Shortest distance travel - common meeting point

I came across this problem wherein there are a number of houses on a 2-D grid (their coordinates are given) and we essentially have to find which house can be used as a meeting point so that the distance traveled by everyone minimizes. Let us assume that a distance along the x or y-axis takes 1 unit and a distance to the diagonal neighbors ta开发者_如何学Gokes (say) 1.2 units.

I cannot really think of a good optimization algorithm for this.

P.S: Not a homework problem. And I am only looking for an algorithm (not code) and if possible, its proof.

P.S #2: I am not looking for the Exhaustive solution. Believe it or not, that did strike me :)

As already pointed, in case of Manhattan distance the median gives a solution. This is an obvious conclusion from the well-known fact that median minimizes the mean of absolute deviation:

E|X-c| >= E|X-median(X)| for any constant c.
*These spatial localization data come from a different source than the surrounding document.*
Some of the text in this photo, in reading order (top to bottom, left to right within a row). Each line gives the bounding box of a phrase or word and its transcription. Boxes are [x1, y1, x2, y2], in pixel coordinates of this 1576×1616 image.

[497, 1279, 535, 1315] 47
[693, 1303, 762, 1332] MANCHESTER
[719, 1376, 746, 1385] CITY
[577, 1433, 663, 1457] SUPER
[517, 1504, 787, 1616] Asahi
And here you can find an example of the proof for discrete case:
https://stats.stackexchange.com/questions/7307/mean-and-median-properties/7315#7315

This is probably really inefficient, but loop through all the houses, then loop through all the other houses. (nested for loops) Use the distance formula to find the distance between the 2 houses. Then you have the distance between every house. One quick and easy way to find which house is the closest distance is to add everyone's walking distance together for the given house. The house with the least total walking distance is the meeting area of choice.

I have been bugged by the same problem for some time now. The solution is the obvious consensus given in earlier posts: find the median (mx, my) independently and then find the point closest in the given N points and that is the meeting place. To see why this is actually the solution you should first consider the distance.
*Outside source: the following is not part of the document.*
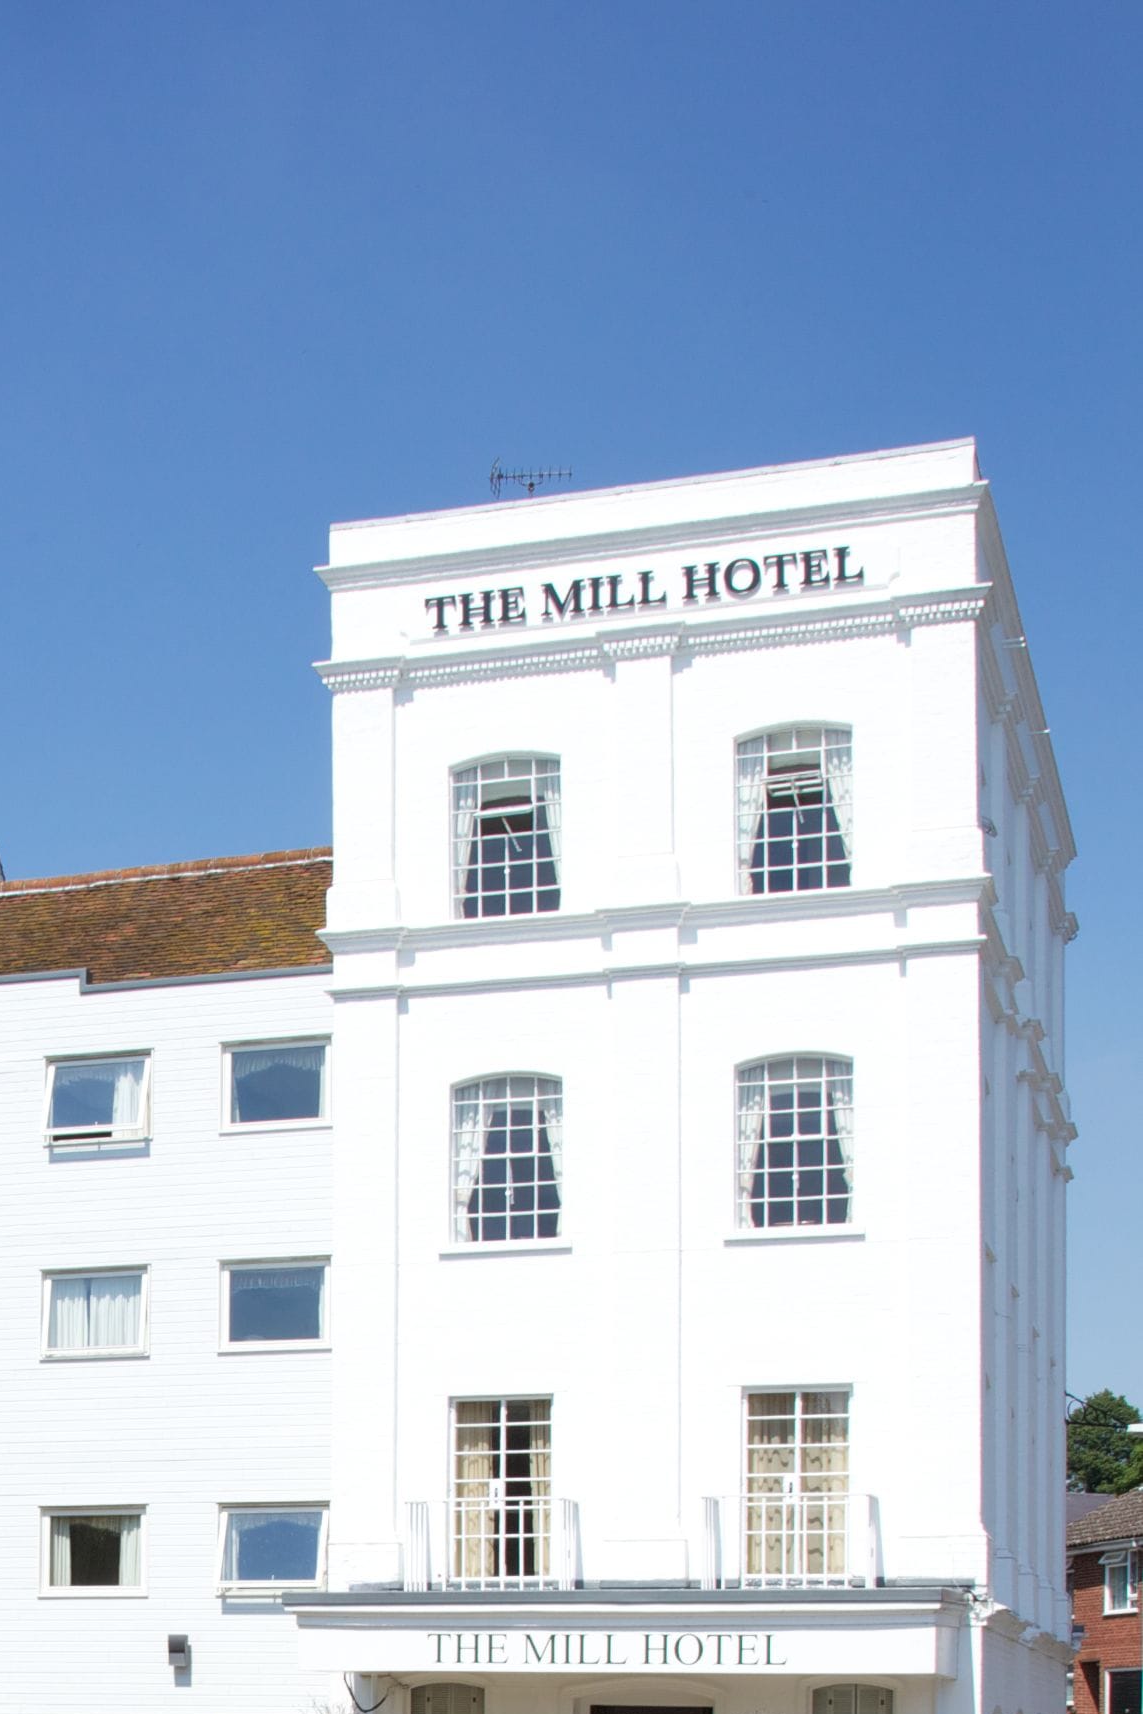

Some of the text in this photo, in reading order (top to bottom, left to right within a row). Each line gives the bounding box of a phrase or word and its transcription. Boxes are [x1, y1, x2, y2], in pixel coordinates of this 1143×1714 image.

d = sum(|xi-x|) + sum(|yi-y|) over all 1<=i<=N,

which is independent in x and y. Hence we can solve the 1-D case for x and y. I will skip over the explanation given ^^ and hence conclude that (mx,my) is the best solution if we consider all possible points.The bigger challenge is to prove that we may move from (mx, my) to the closest (xi,yi) such that (xi, yi) is one of the given points, w/o changing(increasing) the distance. The proof goes:

Consider that we have sorted x-coordinates( for sake for proof ) and that X1<X2<...<Xn. Also Xj<mx<X(j+1) where j = N/2, now let's move mx one step to left, that is mx' <- mx-1. Hence d' = |X1-mx+1| + .. + |Xj-mx+1| + |X(j+1)-mx+1| + .. + |Xn-mx+1| We know that mx-1 will increase N/2 values( for k>=j+1 and decrease for <=j ) hence the effect is the same. Thus (mx-1, my) gives the same solution. It means that there is a space from Xj<mx<X(j+1) and Yj<my<Y(j+1) where the distance does not change. Thus we can find the closest such point which is the answer.

I have ignored the subtle case of even/odd nodes, but I hope the math works out itself when you realize the basic proof.

This is my first post, do help me improve my writing skills.

Your distance metric is weird. You'd expect that travelling on the diagonal should take at least sqrt(2) ~= 1.41 times the distance of travelling along a component direction, because that's how much further it is if travelling in a straight line along the diagonal by the Pythagorean theorem.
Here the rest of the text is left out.